Por exemplo, se o valor do combustível estiver subindo muito, o governo pode ser pressionado a controlar o preço por meio de subsídios oferecidos pela Petrobras, que passa a absorver parte do valor. Nesse caso, a petroleira lidaria com uma margem de lucro menor e, a médio e longo prazos, poderia inclusive registrar prejuízos nas operações.

Do ponto de vista macroeconômico, a política faz sentido: a alta no combustível é um dos itens que mais interferem na inflação, mas quem investe na empresa vê com “maus olhos” o protecionismo estatal, já que isso afeta o resultado da companhia.

Por isso, essa é uma balança difícil de ser equilibrada, pois a organização precisa conciliar seu compromisso estratégico com os resultados que a tornem interessante para os investidores.

Entenda o papel do governo no controle da empresa

A direção do governo à frente da Petrobras deve considerar fatores macroeconômicos. (Fonte: Alf Ribeiro/Shutterstock)

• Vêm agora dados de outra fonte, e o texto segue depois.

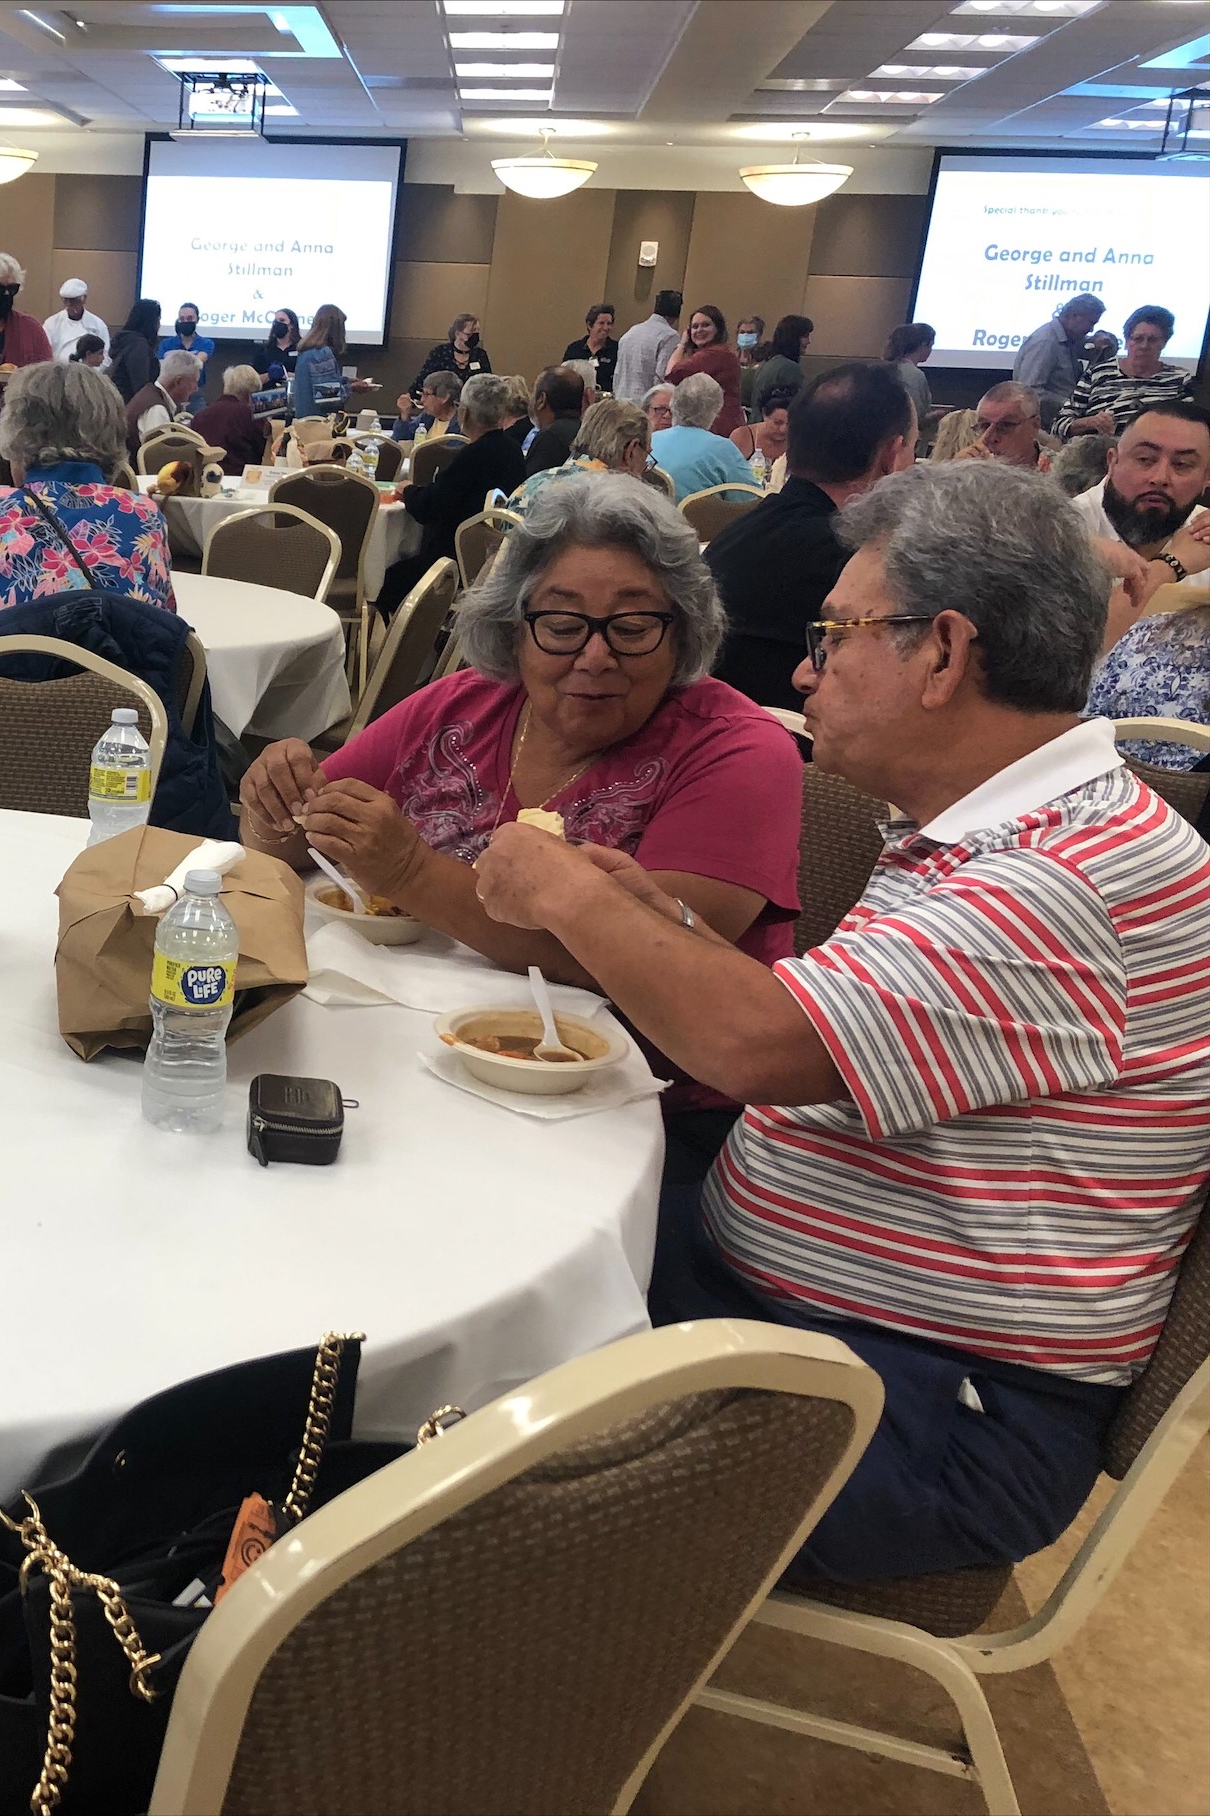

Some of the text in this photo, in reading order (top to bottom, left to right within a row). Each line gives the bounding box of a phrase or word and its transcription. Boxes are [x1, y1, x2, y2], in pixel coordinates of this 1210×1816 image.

[983, 205, 1016, 215] Special
[191, 238, 334, 254] George and Anna
[984, 244, 1154, 265] George and Anna
[228, 262, 293, 276] Stillman
[1025, 273, 1103, 291] Stillman
[253, 289, 264, 299] &
[198, 311, 236, 325] oger

Nesse arranjo delicado, a administração da empresa precisa de uma boa dose de jogo de cintura para lidar com a pressão das diferentes demandas. E, por parte do governo, isso pode ocorrer de forma mais ou menos direta. Então, entenda como o Executivo atua junto à empresa.

Composição

A União tem um papel fundamental no controle da Petrobras, e isso começa pela própria formação da companhia. Por determinação legal, o governo deve ser majoritário e ter controle sobre os rumos da empresa, o que ocorre por meio das ações ordinárias (PETR3).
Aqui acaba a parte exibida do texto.